ASSIGNED TASK ::
In full and without alteration, print the records below, minus any images.

^^^^^^^^^^^^^^^^

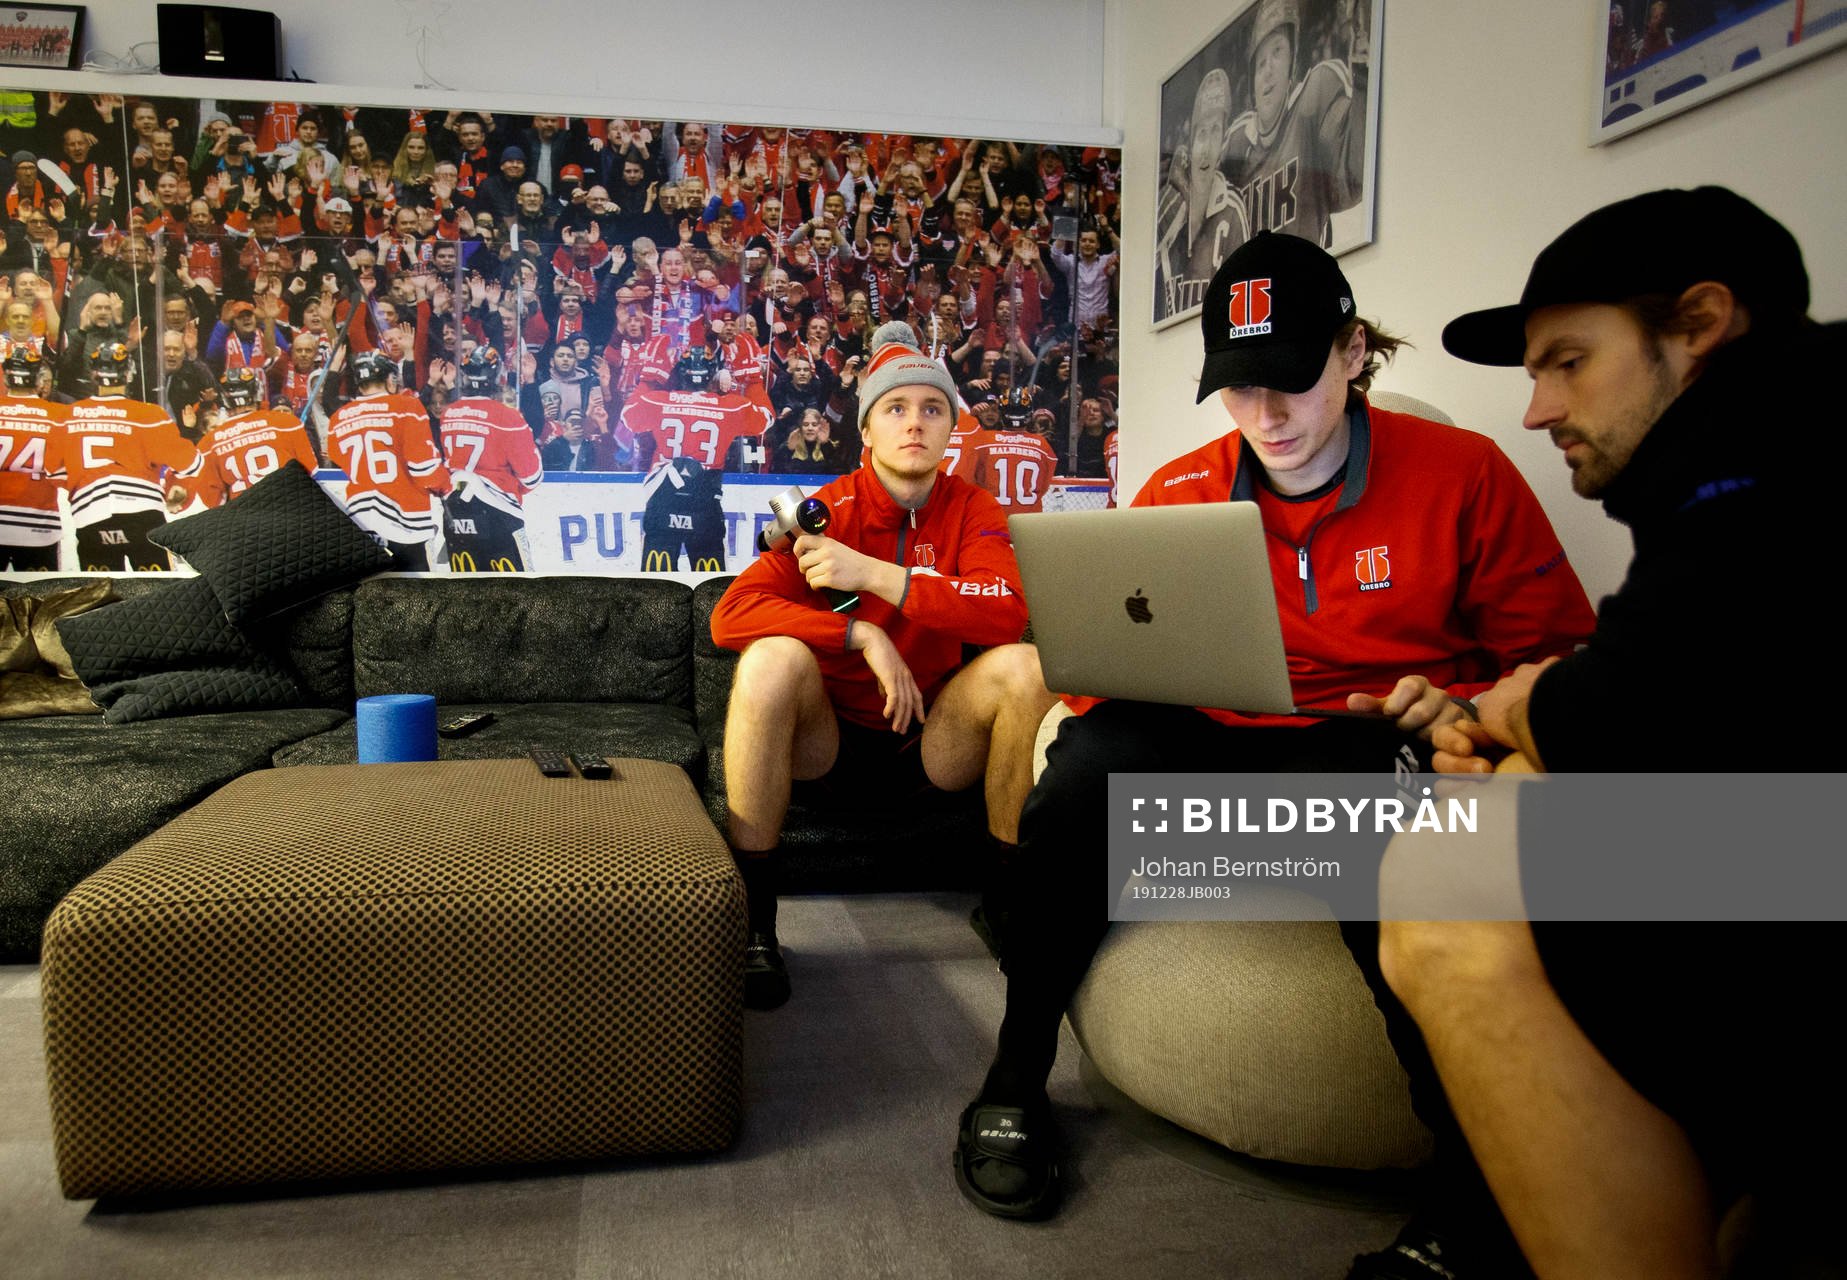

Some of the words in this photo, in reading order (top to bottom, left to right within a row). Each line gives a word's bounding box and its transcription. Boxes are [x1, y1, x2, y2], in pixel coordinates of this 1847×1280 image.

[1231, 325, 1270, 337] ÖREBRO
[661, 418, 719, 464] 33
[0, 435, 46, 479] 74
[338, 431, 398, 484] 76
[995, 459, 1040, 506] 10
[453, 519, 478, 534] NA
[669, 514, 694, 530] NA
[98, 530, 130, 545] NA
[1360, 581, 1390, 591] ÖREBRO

^^^^^^^^^^^^^^^^

EXPECTED ANSWER ::
Some of the words in this photo, in reading order (top to bottom, left to right within a row). Each line gives a word's bounding box and its transcription. Boxes are [x1, y1, x2, y2], in pixel coordinates of this 1847×1280 image.

[1231, 325, 1270, 337] ÖREBRO
[661, 418, 719, 464] 33
[0, 435, 46, 479] 74
[338, 431, 398, 484] 76
[995, 459, 1040, 506] 10
[453, 519, 478, 534] NA
[669, 514, 694, 530] NA
[98, 530, 130, 545] NA
[1360, 581, 1390, 591] ÖREBRO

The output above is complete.